**Task**
Everything from the line containing "Some of the words" through the last line of the data below must be copied exactly, with no other lines included.

**Exercise materials**
◇ ◇ ◇

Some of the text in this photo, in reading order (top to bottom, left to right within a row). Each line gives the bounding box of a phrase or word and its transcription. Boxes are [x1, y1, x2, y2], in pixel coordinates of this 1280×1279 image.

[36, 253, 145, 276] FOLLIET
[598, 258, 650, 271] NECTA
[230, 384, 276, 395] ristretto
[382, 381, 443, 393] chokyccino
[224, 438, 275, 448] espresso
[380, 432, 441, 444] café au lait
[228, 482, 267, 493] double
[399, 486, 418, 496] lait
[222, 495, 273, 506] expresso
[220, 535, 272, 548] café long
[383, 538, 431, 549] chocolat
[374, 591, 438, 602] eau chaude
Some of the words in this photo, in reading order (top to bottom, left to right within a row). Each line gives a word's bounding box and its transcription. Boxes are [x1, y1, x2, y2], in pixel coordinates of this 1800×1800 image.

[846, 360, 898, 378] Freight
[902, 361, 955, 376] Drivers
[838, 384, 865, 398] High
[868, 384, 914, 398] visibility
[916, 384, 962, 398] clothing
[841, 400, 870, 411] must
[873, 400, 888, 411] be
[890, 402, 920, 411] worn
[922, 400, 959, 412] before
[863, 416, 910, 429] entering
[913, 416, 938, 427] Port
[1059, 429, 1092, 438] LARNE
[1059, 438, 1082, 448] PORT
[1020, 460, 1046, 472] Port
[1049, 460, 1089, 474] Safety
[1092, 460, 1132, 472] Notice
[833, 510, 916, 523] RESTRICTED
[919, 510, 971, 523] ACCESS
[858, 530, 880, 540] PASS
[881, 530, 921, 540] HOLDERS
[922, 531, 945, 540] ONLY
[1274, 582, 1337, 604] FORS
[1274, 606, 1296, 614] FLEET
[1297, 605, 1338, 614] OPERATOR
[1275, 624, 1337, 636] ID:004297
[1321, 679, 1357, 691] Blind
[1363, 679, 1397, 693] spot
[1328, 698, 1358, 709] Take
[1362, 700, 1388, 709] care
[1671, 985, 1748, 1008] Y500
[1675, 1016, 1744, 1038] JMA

◇ ◇ ◇

**Response for this exercise**
Some of the words in this photo, in reading order (top to bottom, left to right within a row). Each line gives a word's bounding box and its transcription. Boxes are [x1, y1, x2, y2], in pixel coordinates of this 1800×1800 image.

[846, 360, 898, 378] Freight
[902, 361, 955, 376] Drivers
[838, 384, 865, 398] High
[868, 384, 914, 398] visibility
[916, 384, 962, 398] clothing
[841, 400, 870, 411] must
[873, 400, 888, 411] be
[890, 402, 920, 411] worn
[922, 400, 959, 412] before
[863, 416, 910, 429] entering
[913, 416, 938, 427] Port
[1059, 429, 1092, 438] LARNE
[1059, 438, 1082, 448] PORT
[1020, 460, 1046, 472] Port
[1049, 460, 1089, 474] Safety
[1092, 460, 1132, 472] Notice
[833, 510, 916, 523] RESTRICTED
[919, 510, 971, 523] ACCESS
[858, 530, 880, 540] PASS
[881, 530, 921, 540] HOLDERS
[922, 531, 945, 540] ONLY
[1274, 582, 1337, 604] FORS
[1274, 606, 1296, 614] FLEET
[1297, 605, 1338, 614] OPERATOR
[1275, 624, 1337, 636] ID:004297
[1321, 679, 1357, 691] Blind
[1363, 679, 1397, 693] spot
[1328, 698, 1358, 709] Take
[1362, 700, 1388, 709] care
[1671, 985, 1748, 1008] Y500
[1675, 1016, 1744, 1038] JMA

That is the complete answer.